Decorator functions look very odd when you first encounter them, but read it carefully and you'll soon get it. The decorator is a function itself, and you give it the function you want to decorate. It gives you back a new function, which is your old function wrapped with the extra logic.
I've written some untested example code below.
def template_based_on_user_type(special_template, ordinary_template):
def decorator(your_view_function):
def inner_decorator(request, *args, **kwargs):
# this is the logic that checks the user type before
# every invocation of this view:
if request.user.type == 'special_type':
template = special_template
else:
template = ordinary_template
# this is the invocation of the view function, with
# a custom template selected:
return your_view_function(request, template)
return inner_decorator
return decorator
#template_based_on_user_type('my-special-template.html', 'ordinary-template.html')
def my_view_function(request, template='default.html'):
# Do what you need to do here
render_to_response(template, data, RequestContext(request)
The syntax for applying a decorator is the "#" symbole, followed by the decorator function. The decorator is customized with the template names specified.
I solved this problem using decorator in urls.py:
def dispatch_by_user(staff_view, external_user_view):
def get_view(request, **kwargs):
if (is_staff_user(request.user)):
return staff_view(request, **kwargs)
else:
return external_user_view(request, **kwargs)
return login_required(get_view)
def is_staff_user(user):
return user.groups.filter(name="privileged-group").exists()

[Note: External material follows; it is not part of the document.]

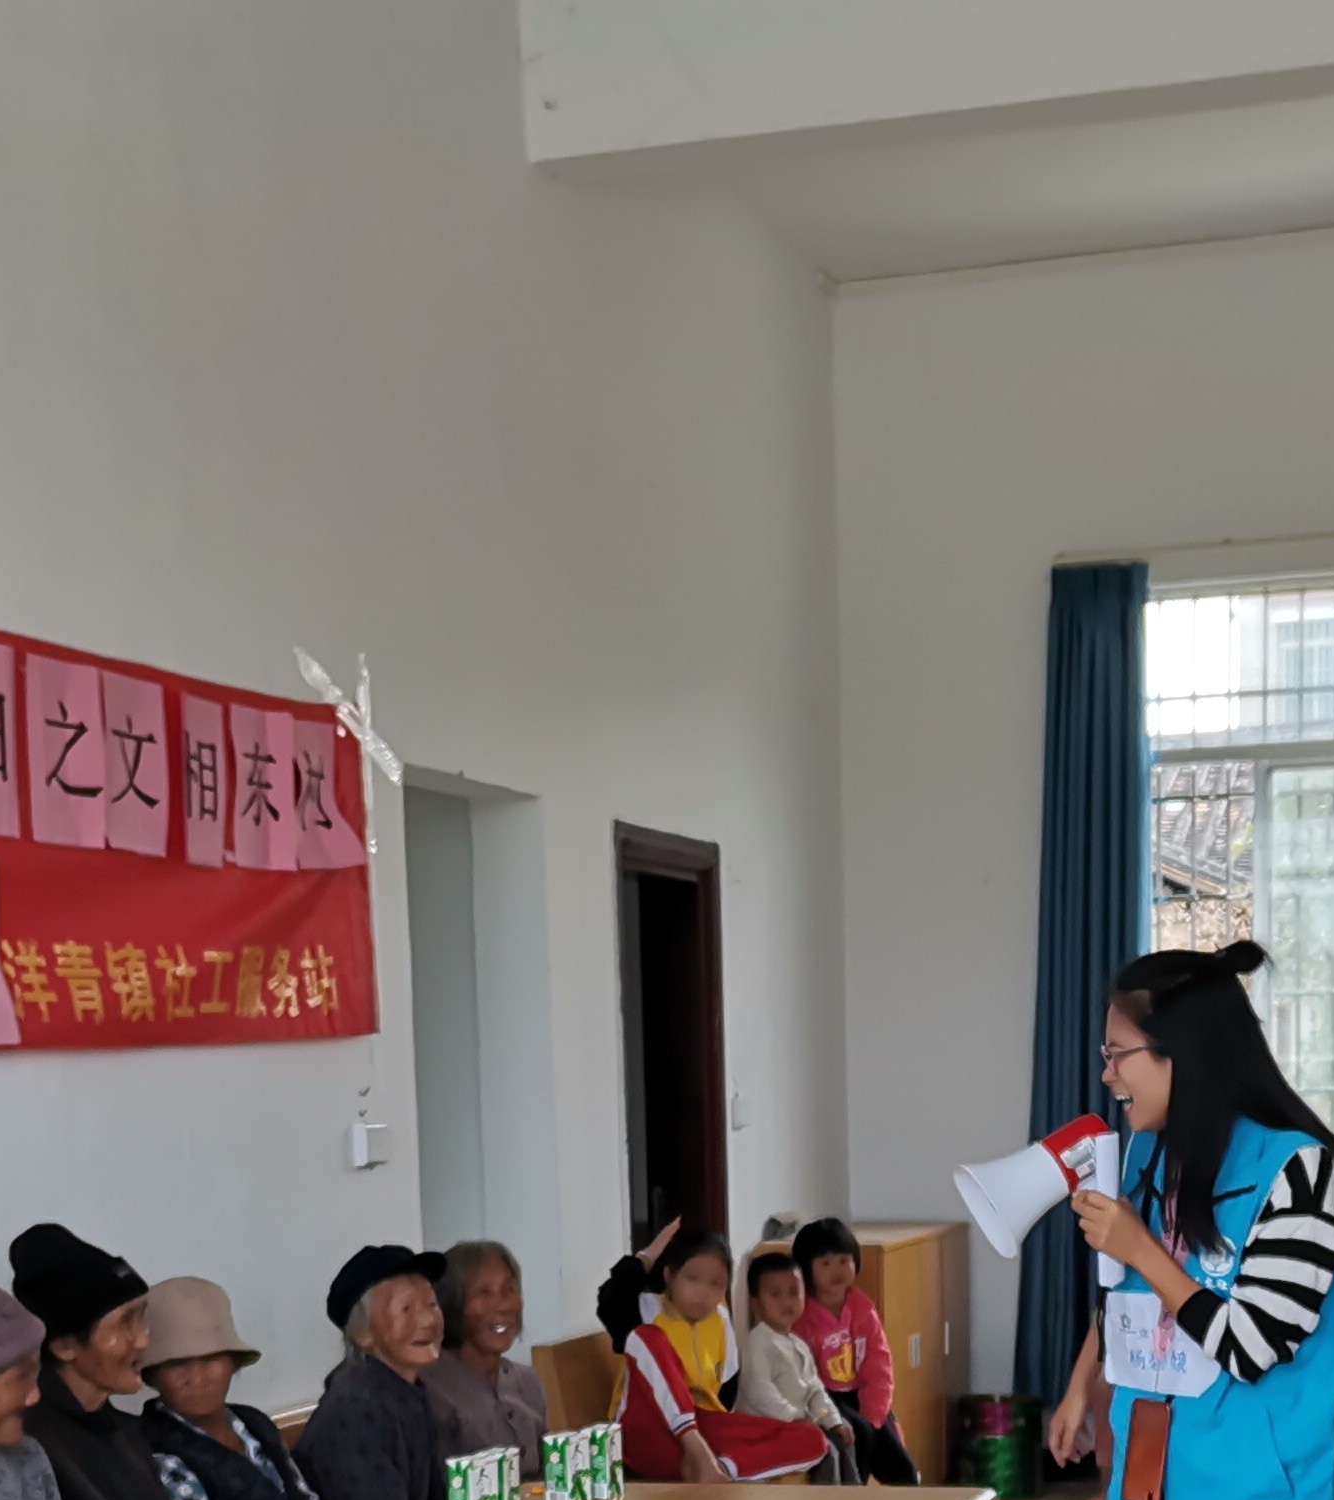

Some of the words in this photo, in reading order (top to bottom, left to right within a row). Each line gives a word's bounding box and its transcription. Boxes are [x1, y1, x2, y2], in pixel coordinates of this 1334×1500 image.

[1, 940, 339, 1024] 洋青镇社工服务站
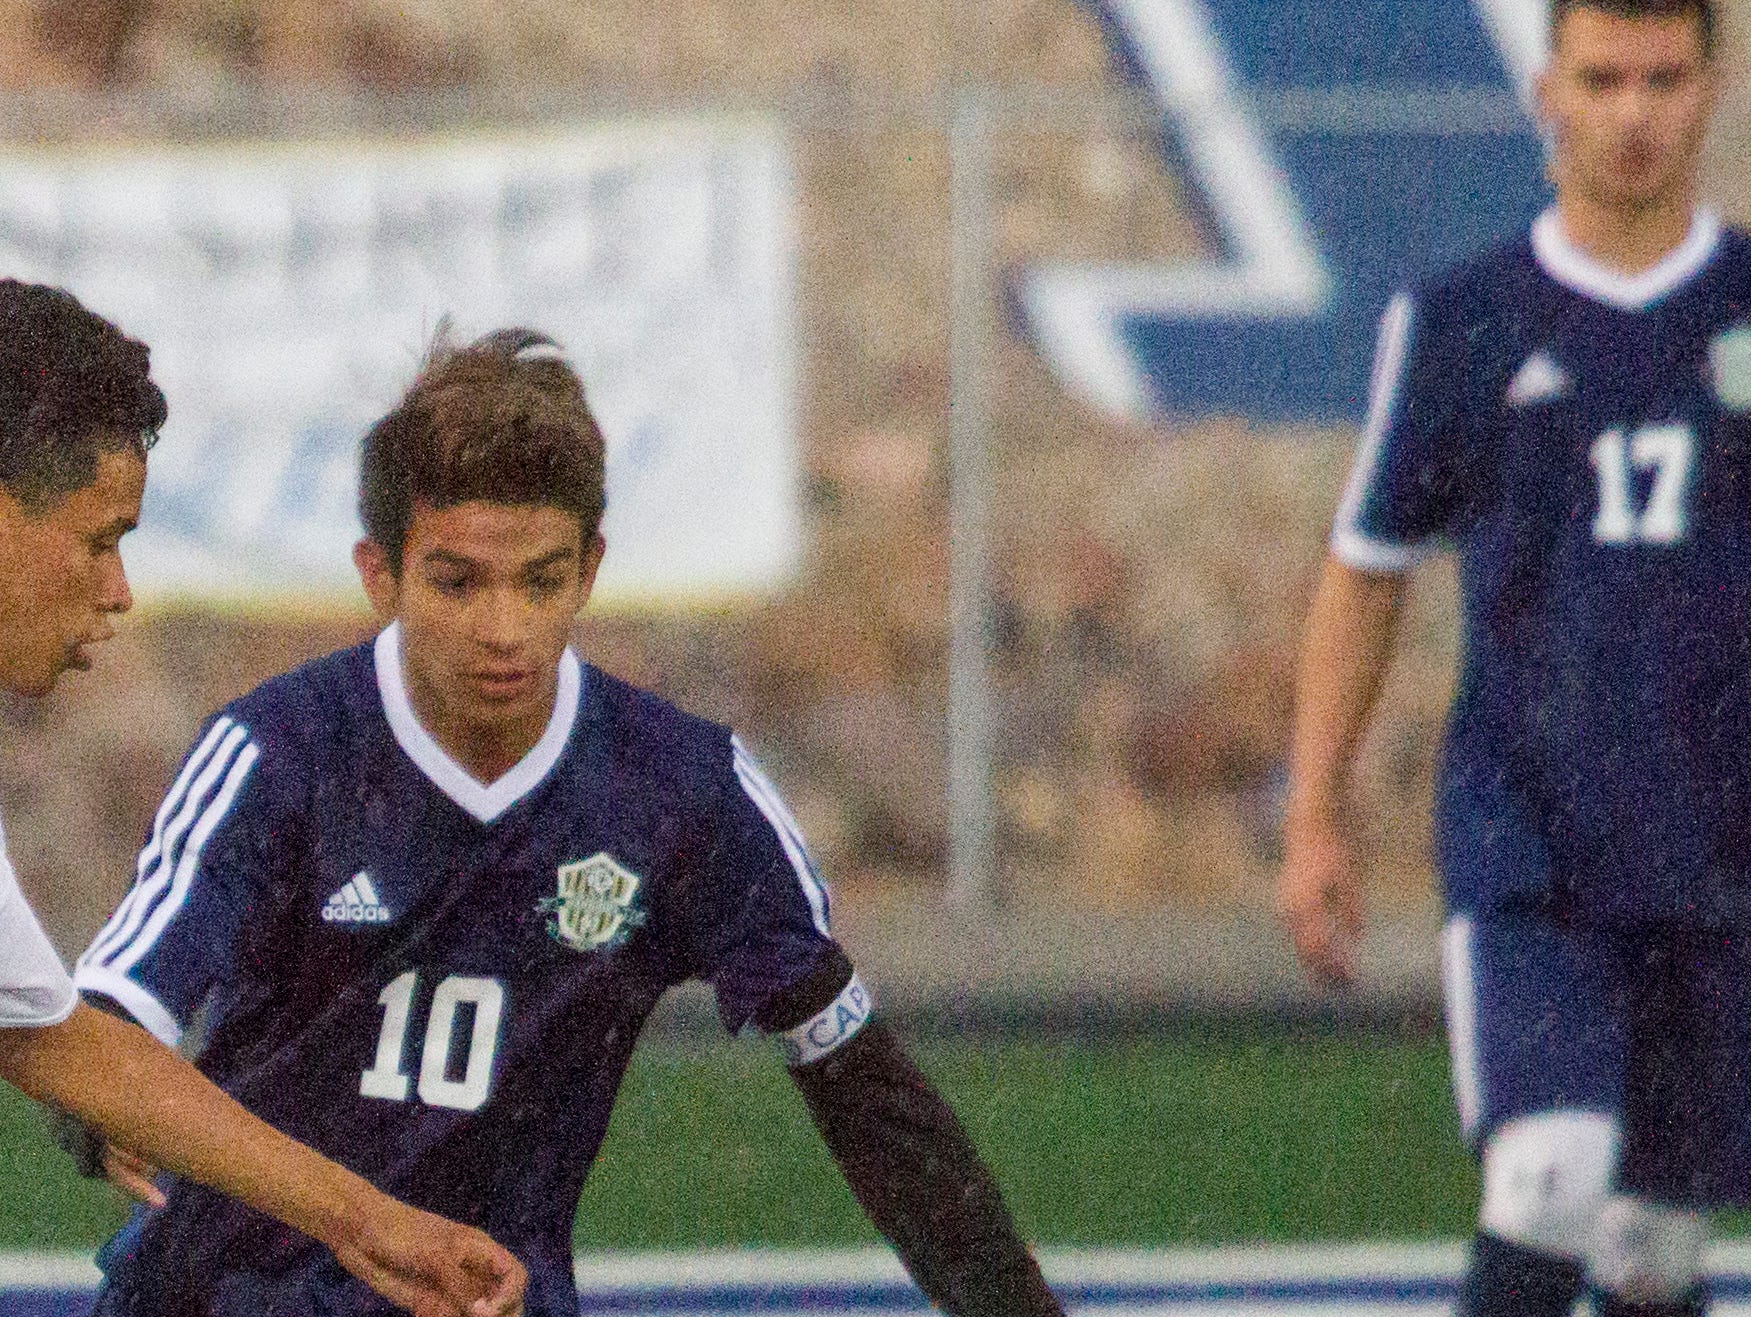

So patterns set as following:
urlpatterns = [
url(r'^$',
dispatch_by_user(
views.StaffHomeView.as_view(),
views.ExternalUserClientView.as_view()),
name='index'),
# ...
]
RTFM as usual :)
Here's the link to a possible solution :
method_splitter # http://www.djangobook.com/en/2.0/chapter08/
new_type related views' names will be derived from the originals by adding new_type_ to beginning of the name, such as index-> new_type_index
then i'll determine the view to return by simply checking the request.user.is_new_type attribute. ugly, but better than modifying gazillions of views.